Spatial localization data:

----

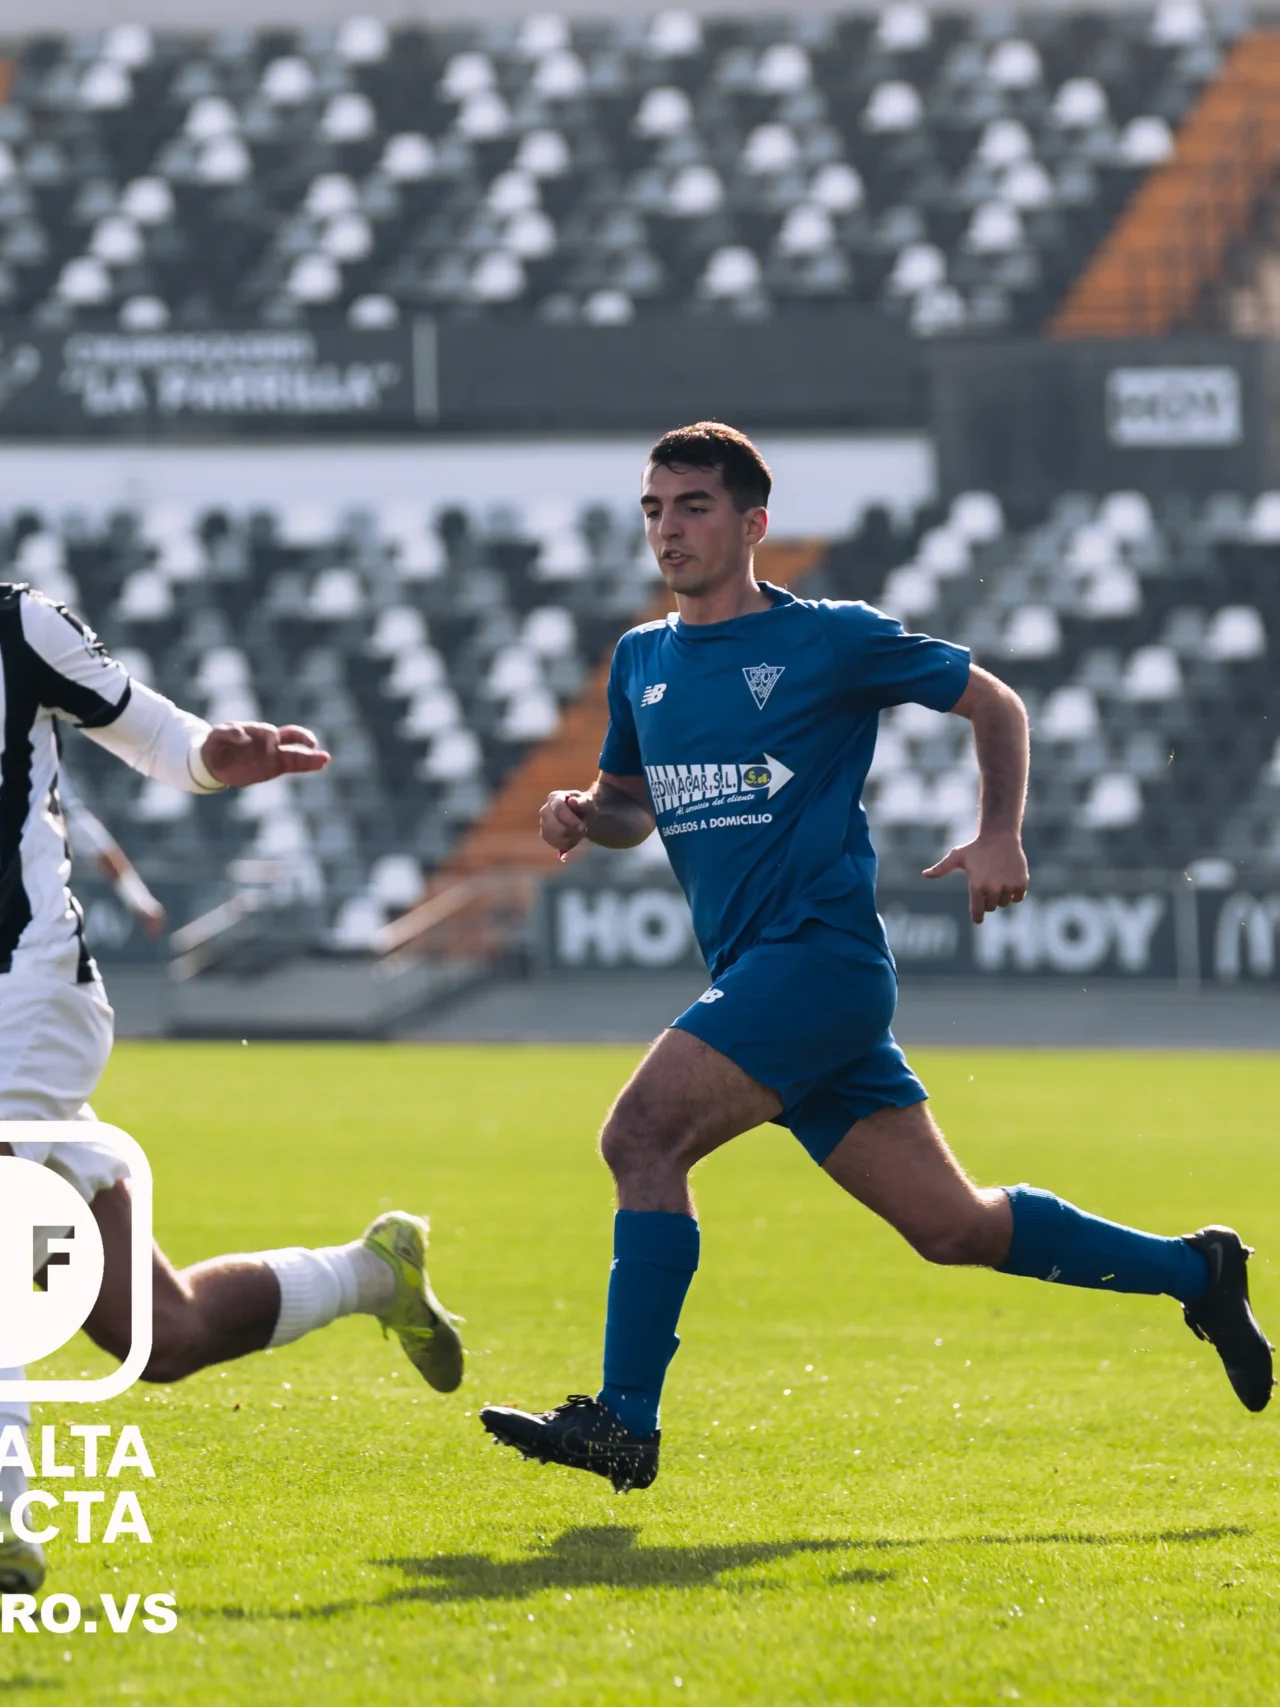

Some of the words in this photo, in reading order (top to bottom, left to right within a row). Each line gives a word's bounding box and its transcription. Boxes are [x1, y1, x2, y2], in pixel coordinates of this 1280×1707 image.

[1115, 385, 1225, 428] HOY
[712, 797, 725, 806] del
[727, 793, 756, 803] cliente
[700, 820, 708, 830] A
[709, 813, 773, 828] DOMICILIO
[558, 888, 698, 968] HO
[974, 894, 1163, 972] HOY
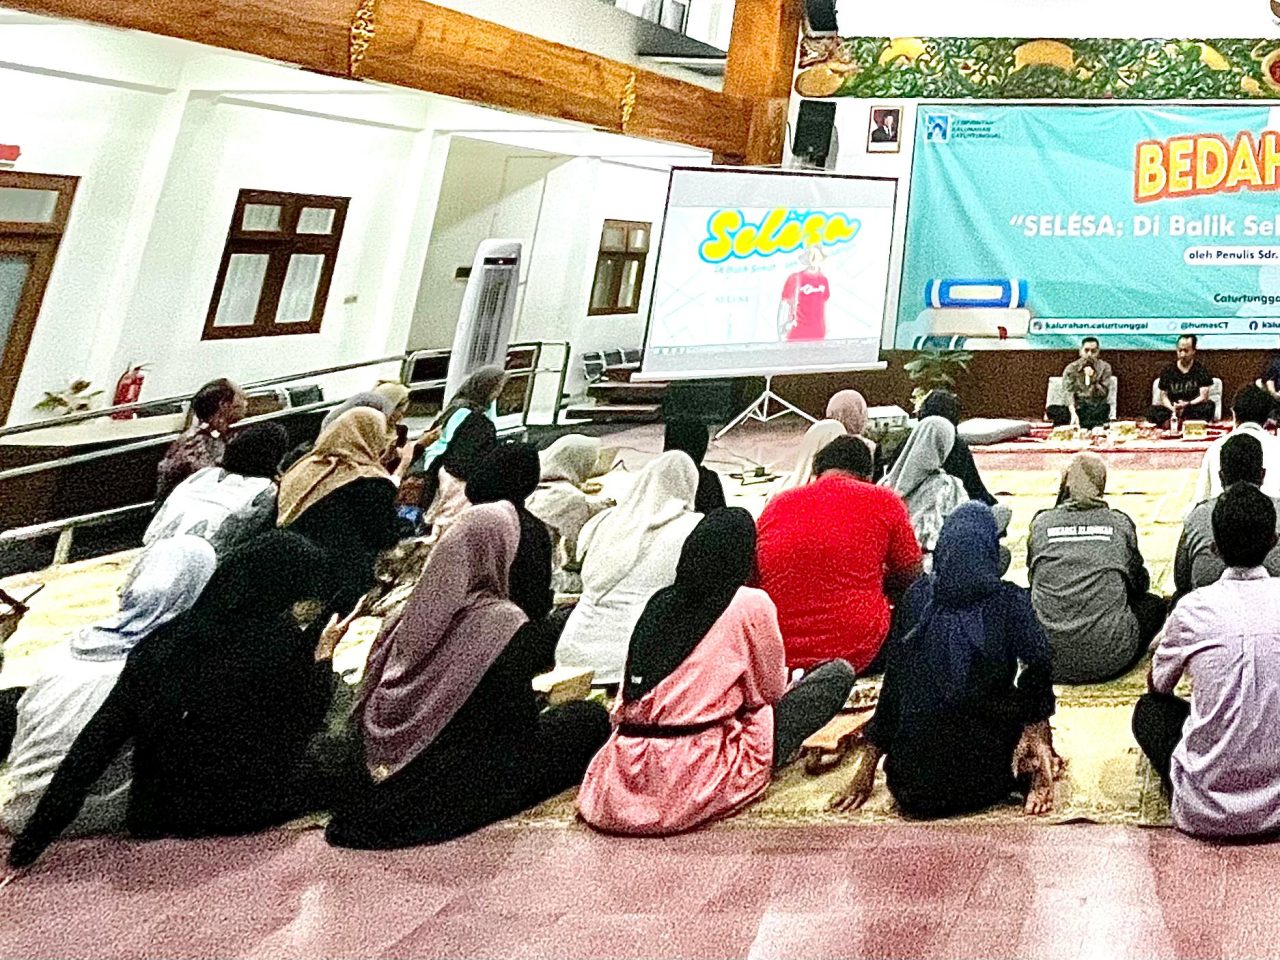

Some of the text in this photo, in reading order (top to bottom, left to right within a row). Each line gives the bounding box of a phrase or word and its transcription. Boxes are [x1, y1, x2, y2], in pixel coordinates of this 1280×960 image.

[1133, 214, 1160, 237] Di
[1169, 213, 1235, 237] Balik
[1189, 250, 1213, 260] oleh
[1216, 250, 1255, 260] Penulis
[1258, 250, 1279, 260] Sdr.
[1180, 321, 1229, 330] @humasCT

----

WHAT THE TASK ASKS:
What the reply must contain is an exact transcription of the data above and none of its pictures.

EXERCISE ANSWER:
Some of the words in this photo, in reading order (top to bottom, left to right within a row). Each line gives a word's bounding box and its transcription. Boxes are [x1, y1, x2, y2], in pixel coordinates of this 1280×1707 image.

[1115, 385, 1225, 428] HOY
[712, 797, 725, 806] del
[727, 793, 756, 803] cliente
[700, 820, 708, 830] A
[709, 813, 773, 828] DOMICILIO
[558, 888, 698, 968] HO
[974, 894, 1163, 972] HOY

Some of the text in this photo, in reading order (top to bottom, left to right within a row). Each line gives the bounding box of a phrase or word and its transcription. Boxes are [x1, y1, x2, y2], in pixel coordinates of this 1280×960 image.

[1133, 214, 1160, 237] Di
[1169, 213, 1235, 237] Balik
[1189, 250, 1213, 260] oleh
[1216, 250, 1255, 260] Penulis
[1258, 250, 1279, 260] Sdr.
[1180, 321, 1229, 330] @humasCT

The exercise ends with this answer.